Der von Nietzsche intendierte Skeptiker, für den alle Überzeugungen und jede Art von Glauben keinen intrinsischen Wert darstellen, muss sich deshalb sowohl den christlichen als auch hyperboreischen Werten widersetzen. Die Ausdrucksweise des »Antichrist«, welche mitunter selbst dogmatisch und priesterlich erscheint, fordert dies ja geradezu heraus. Sie führt bei »den Wenigsten« unweigerlich zu einem Skeptizismus sowohl gegenüber der christlichen als auch antichristlichen Lehre. Liest man den »Antichrist« auf diese Art, so will der Autor mit der Umkehrung der christlichen Werte nicht ausschließlich eine Antihaltung gegenüber dem Christentum evozieren, sondern bei seinen Lesern gleichzeitig eine krasse Horizonterweiterung provozieren. So könnte man konstatieren, dass es durchaus der Didaktik des Autors entspricht, den Leser im Idealfall zuerst zu einer Abkehr von der christlichen Wahrheitslehre, hin zu einer Gegenposition zu bewegen, um ihn schließlich dann auch diesen Zustand überwinden zu lassen.
Mittels einer eingehenden Analyse der »Psychologie des Glaubens« soll nun die Stichhaltigkeit dieser Hypothese untersucht werden. Hauptgegenstand der Analyse bilden die §§ 12 und 50 bis 55, sowie 56 bis 58, wobei im Vorfeld zu vermerken ist, dass der § 54 das esoterische Zentrum der §§ 50-58 darstellt und der § 57 den Fluchtpunkt der Paragraphen 56-58 bildet. Um die »Psychologie des Glaubens« in ihren Gesamtzusammenhang einzubetten, muss aber zuallererst einmal auf die Paragraphen 46-49 rekuriert werden, da jene die Frage nach der Wahrheit zum Inhalt haben.
2. Die Frage nach der Wahrheit
Nachdem Nietzsche zuerst die „Psychologie des Erlösers“ (28-198,32) und anschließend die „Psychologie des Priesters“ (49-228,3) zum Gegenstand der Untersuchung hatte, schließt sich nun in den Paragraphen 50 bis 58 eine Analyse der „Psychologie des »Glaubens«“ (50-229,7f.) an.
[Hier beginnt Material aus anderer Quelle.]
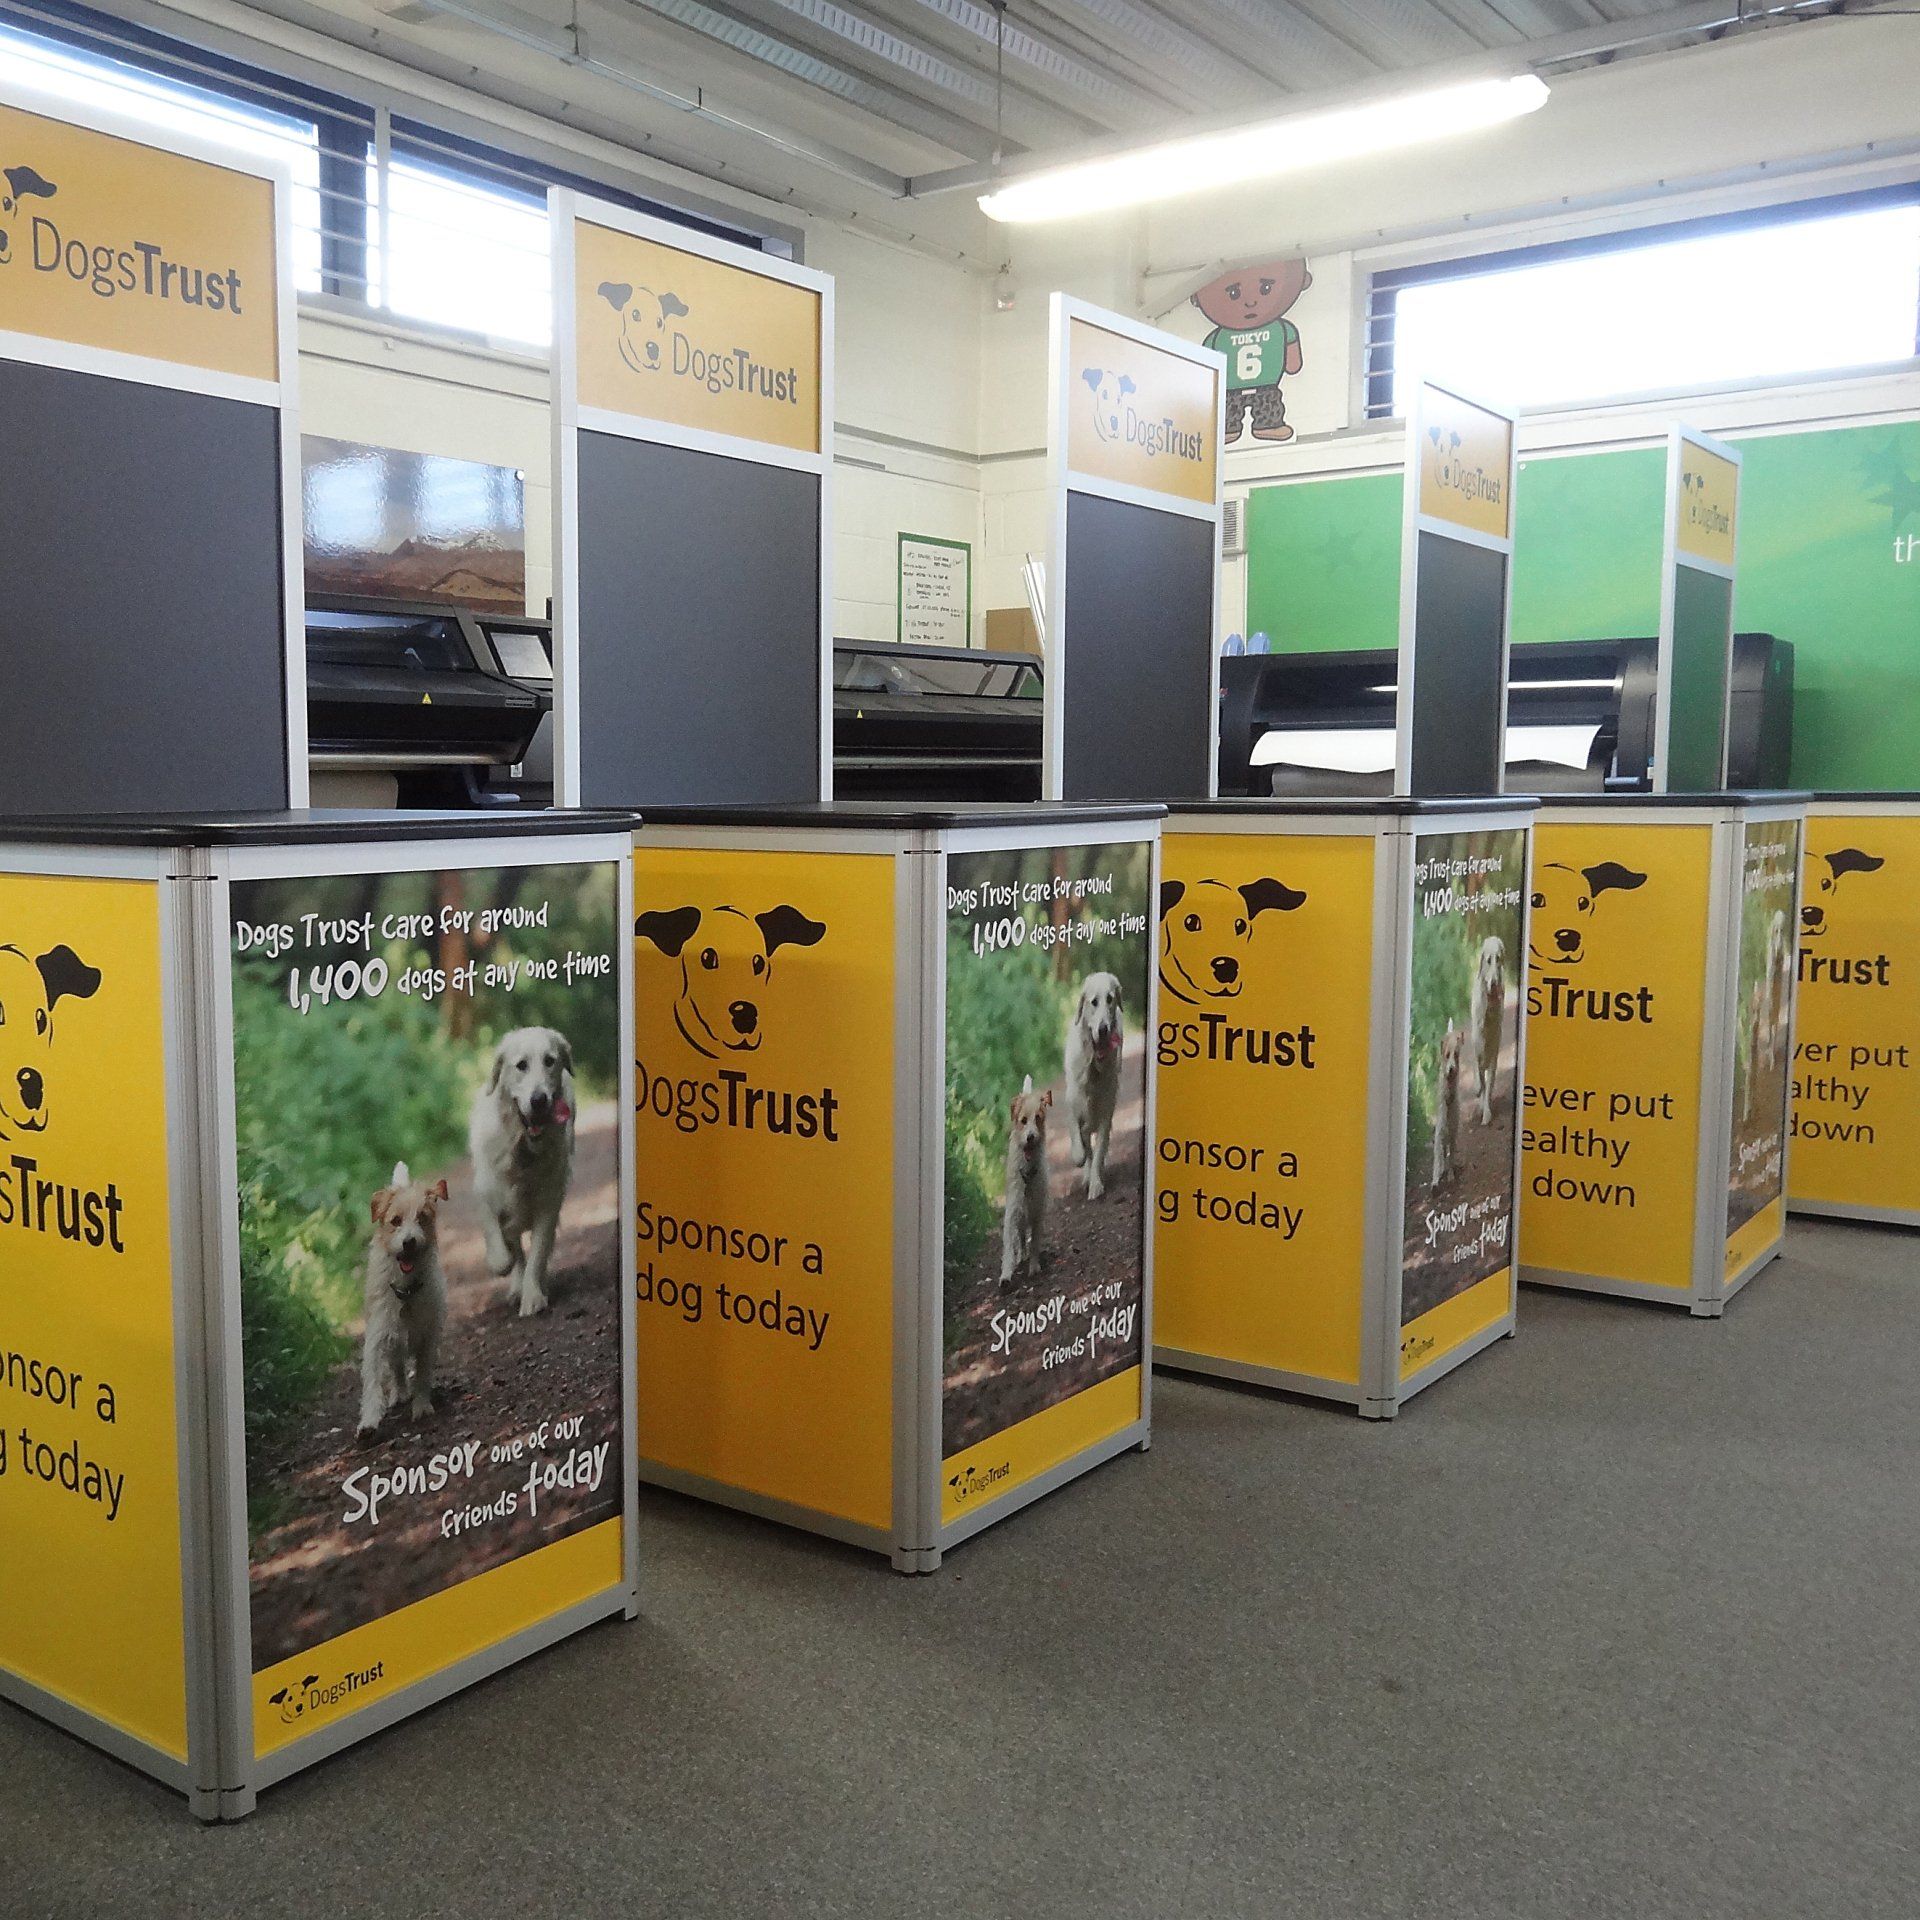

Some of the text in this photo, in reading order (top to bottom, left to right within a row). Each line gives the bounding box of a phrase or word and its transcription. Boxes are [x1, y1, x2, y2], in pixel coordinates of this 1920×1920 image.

Das ganze Thema der „Psychologie der Überzeugung, des »Glaubens«“ (55-237,21f.) ist eingebettet in einen viel umfassenderen Themenbereich, nämlich den der Wahrheitsfrage. Bereits im achten Paragraphen fragt sich Nietzsche das erste Mal, ob es überhaupt eine Antwort auf die Frage: „was ist Wahrheit?“ (8-175,12) gibt und gegen Ende des 46. Paragraphen lässt sich der römische Stadthalter Pilatus nicht ernsthaft auf „[e]inen Judenhandel“ (46-225,4) ein. Wenn Jesus sagt, „Ich bin der Weg und die Wahrheit und das Leben“ (Joh 14,6), dann wird dies als „ein unverschämter Missbrauch [der] mit dem Wort »Wahrheit« getrieben wird“(46-225,7f.) empfunden. Als der skeptische Pilatus schließlich auch noch konstatiert: „»was ist Wahrheit!«“ (46-225,10), impliziert dies für Nietzsche bereits eine Kritik beziehungsweise die Vernichtung des Neuen Testaments.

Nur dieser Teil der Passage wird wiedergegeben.